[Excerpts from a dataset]
***
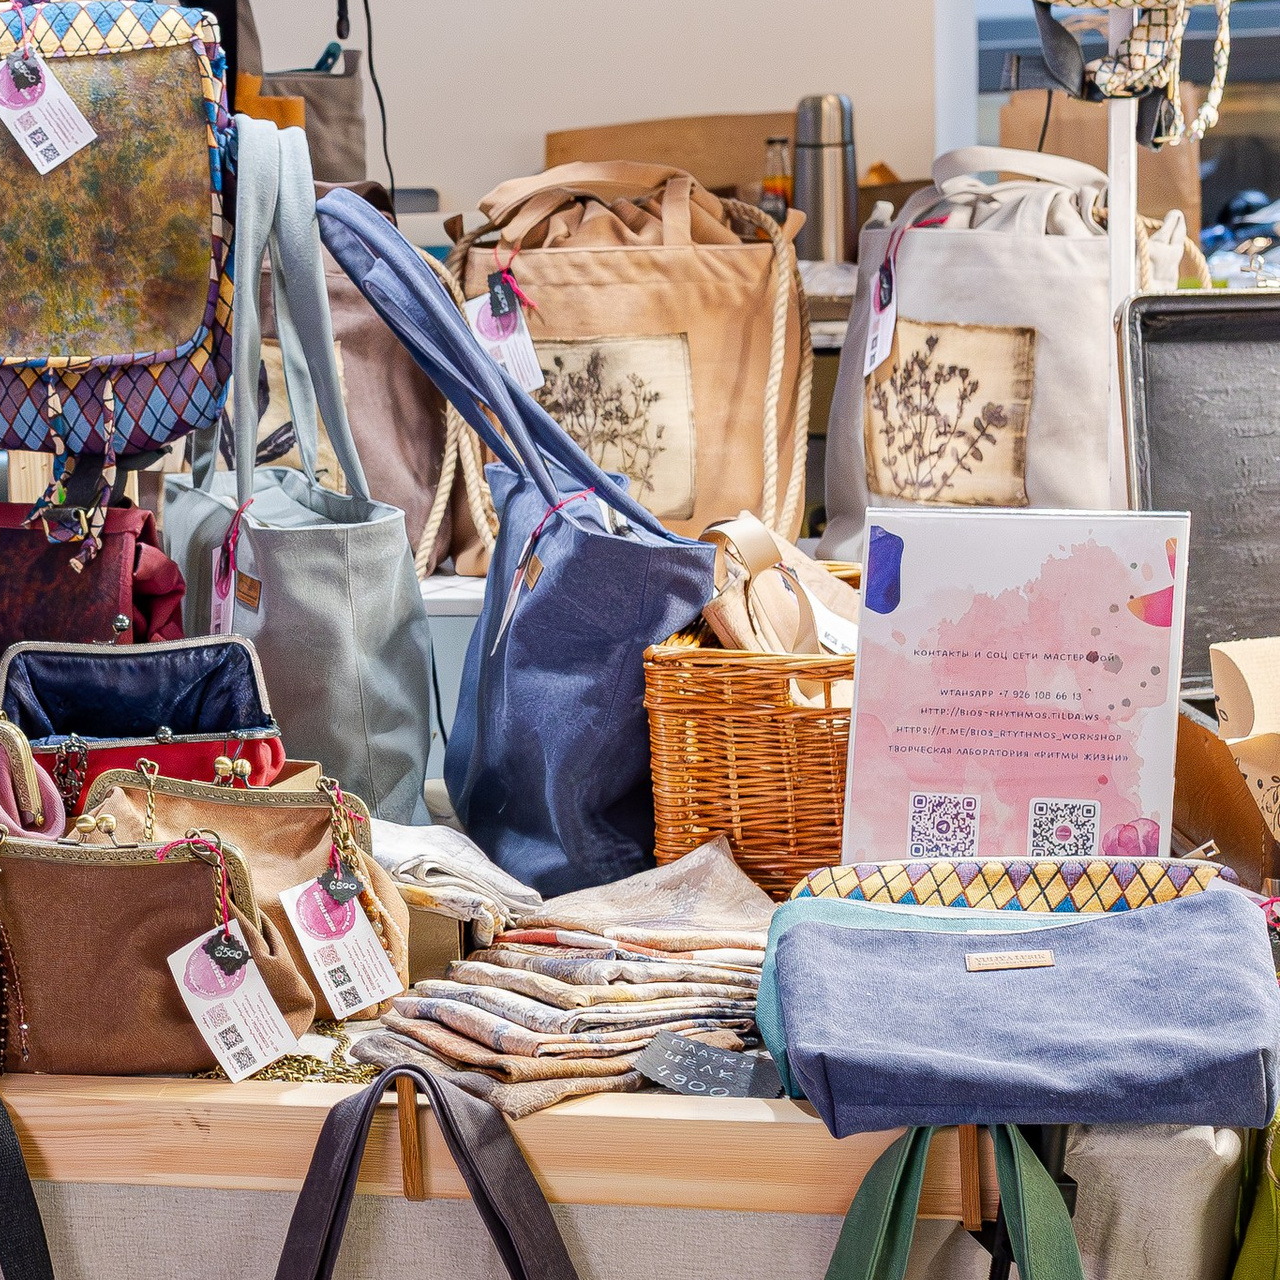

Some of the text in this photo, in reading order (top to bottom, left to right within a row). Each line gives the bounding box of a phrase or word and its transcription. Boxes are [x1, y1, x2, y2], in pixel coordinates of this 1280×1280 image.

[913, 649, 969, 658] КОНТАКТЫ
[986, 651, 1008, 660] СОЦ
[1012, 651, 1038, 660] СЕТИ
[1043, 652, 1115, 662] МАСТЕРОЙ
[1013, 690, 1031, 699] 926
[1034, 691, 1051, 700] 108
[1055, 692, 1068, 700] 66
[1072, 692, 1082, 701] 13
[888, 745, 952, 755] ТВОРЧЕСКАЯ
[956, 747, 1029, 758] ЛАБОРАТОРИЯ
[671, 1038, 755, 1070] ПЛАТКИ
[657, 1065, 730, 1097] 4900
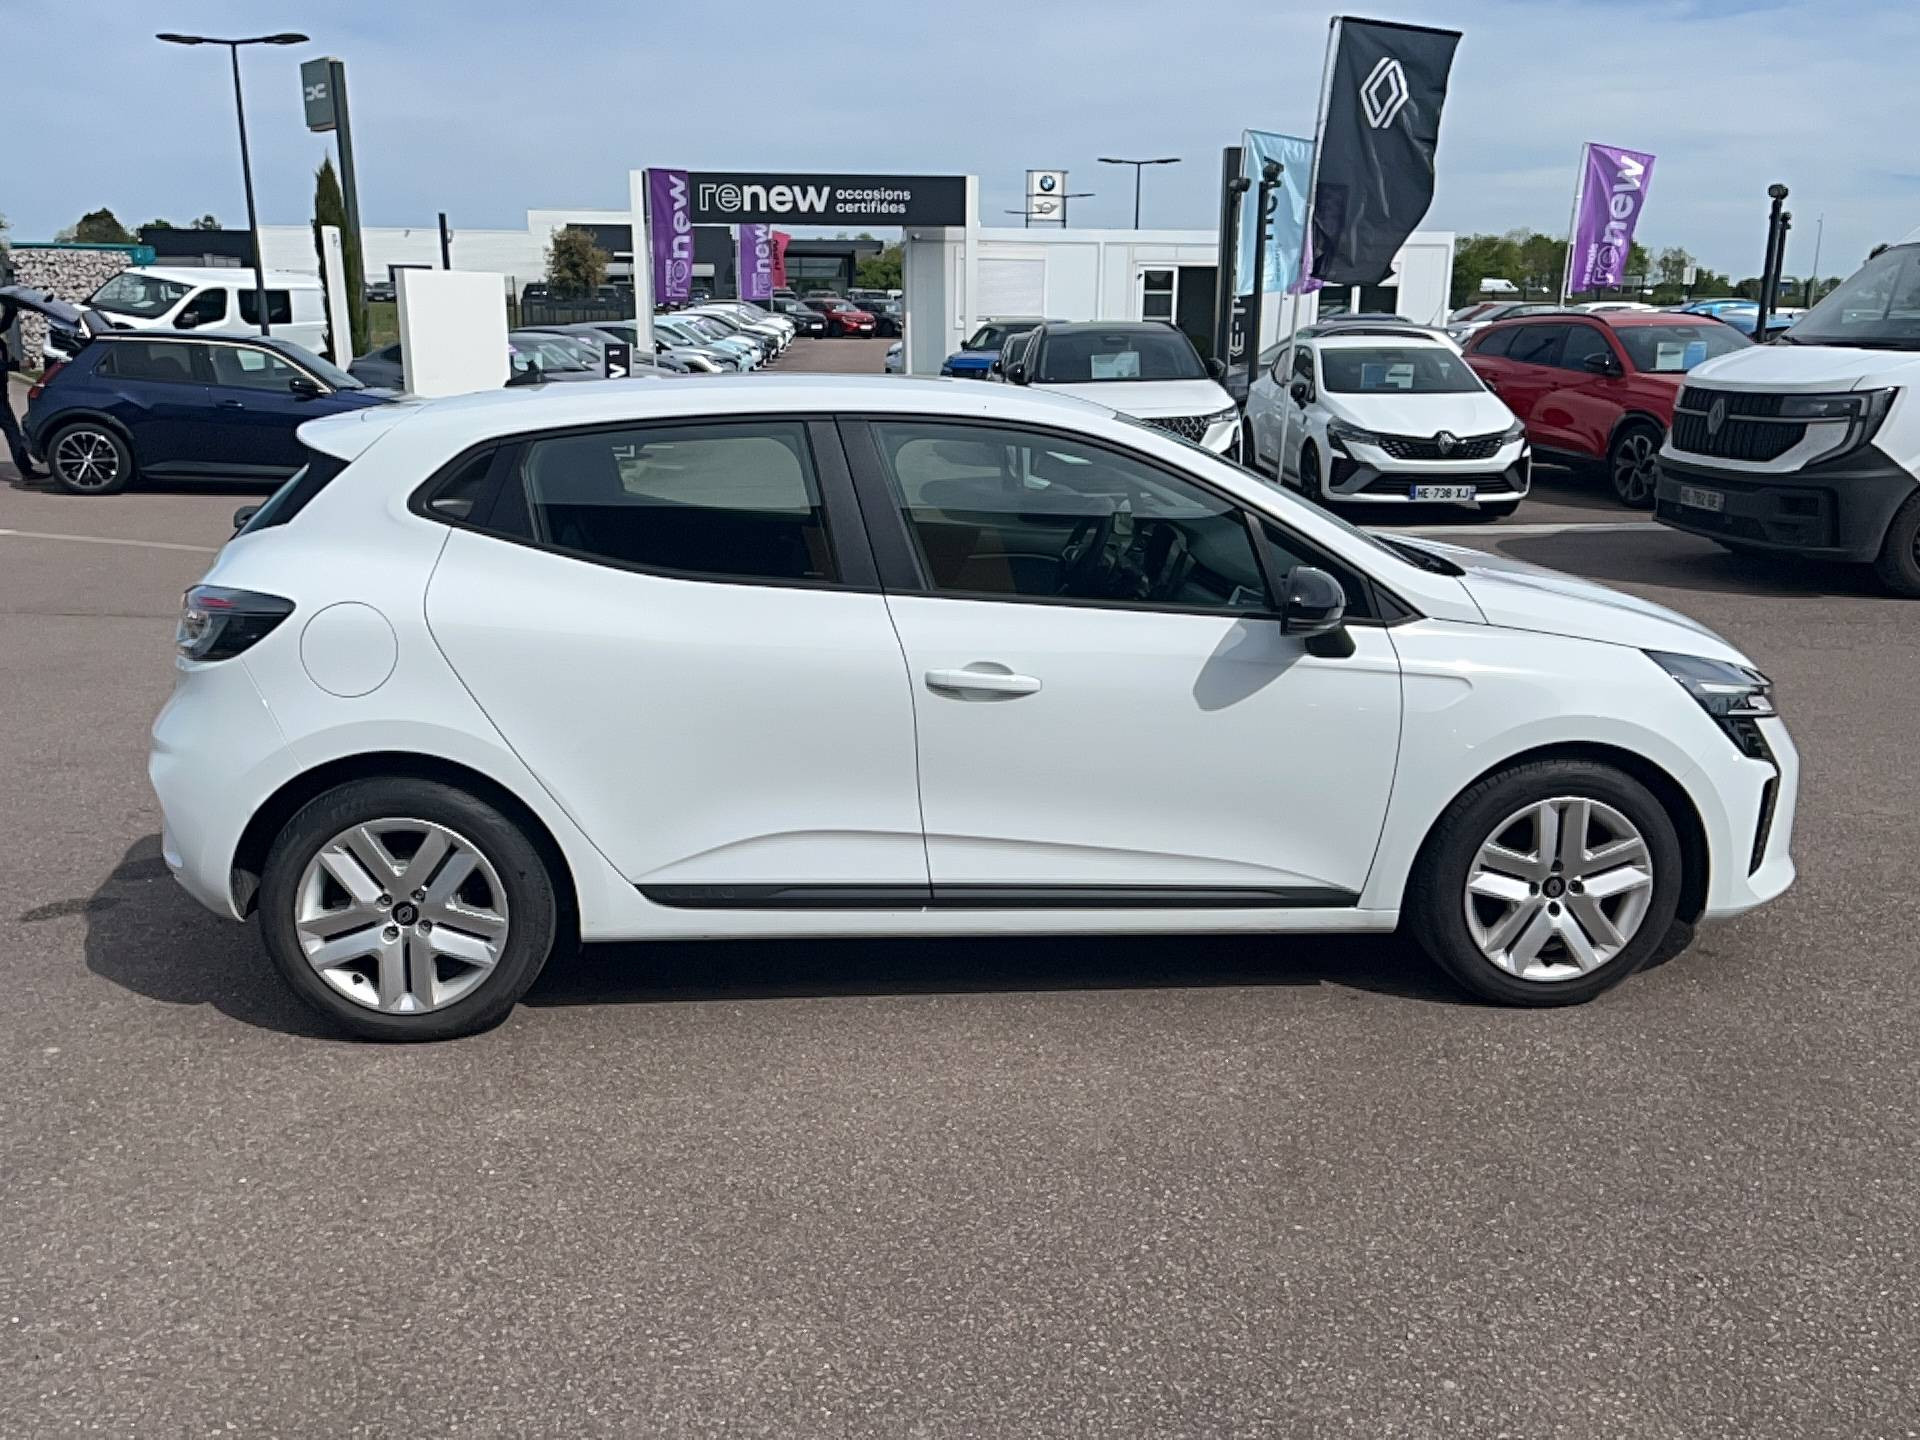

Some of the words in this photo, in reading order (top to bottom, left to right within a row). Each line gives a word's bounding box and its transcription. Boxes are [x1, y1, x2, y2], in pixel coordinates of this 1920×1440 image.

[699, 183, 831, 213] renew
[835, 187, 911, 201] occasions
[835, 200, 906, 214] certifiées
[669, 174, 692, 297] renew
***
**TASK TO CARRY OUT**: This exercise calls for the records to be given again exactly, without the images.

**EXERCISE RESPONSE**:
Some of the text in this photo, in reading order (top to bottom, left to right within a row). Each line gives the bounding box of a phrase or word and its transcription. Boxes are [x1, y1, x2, y2], in pixel coordinates of this 1280×1280 image.

[913, 649, 969, 658] КОНТАКТЫ
[986, 651, 1008, 660] СОЦ
[1012, 651, 1038, 660] СЕТИ
[1043, 652, 1115, 662] МАСТЕРОЙ
[1013, 690, 1031, 699] 926
[1034, 691, 1051, 700] 108
[1055, 692, 1068, 700] 66
[1072, 692, 1082, 701] 13
[888, 745, 952, 755] ТВОРЧЕСКАЯ
[956, 747, 1029, 758] ЛАБОРАТОРИЯ
[671, 1038, 755, 1070] ПЛАТКИ
[657, 1065, 730, 1097] 4900

Some of the words in this photo, in reading order (top to bottom, left to right within a row). Each line gives a word's bounding box and its transcription. Boxes are [x1, y1, x2, y2], in pixel coordinates of this 1920×1440 image.

[699, 183, 831, 213] renew
[835, 187, 911, 201] occasions
[835, 200, 906, 214] certifiées
[669, 174, 692, 297] renew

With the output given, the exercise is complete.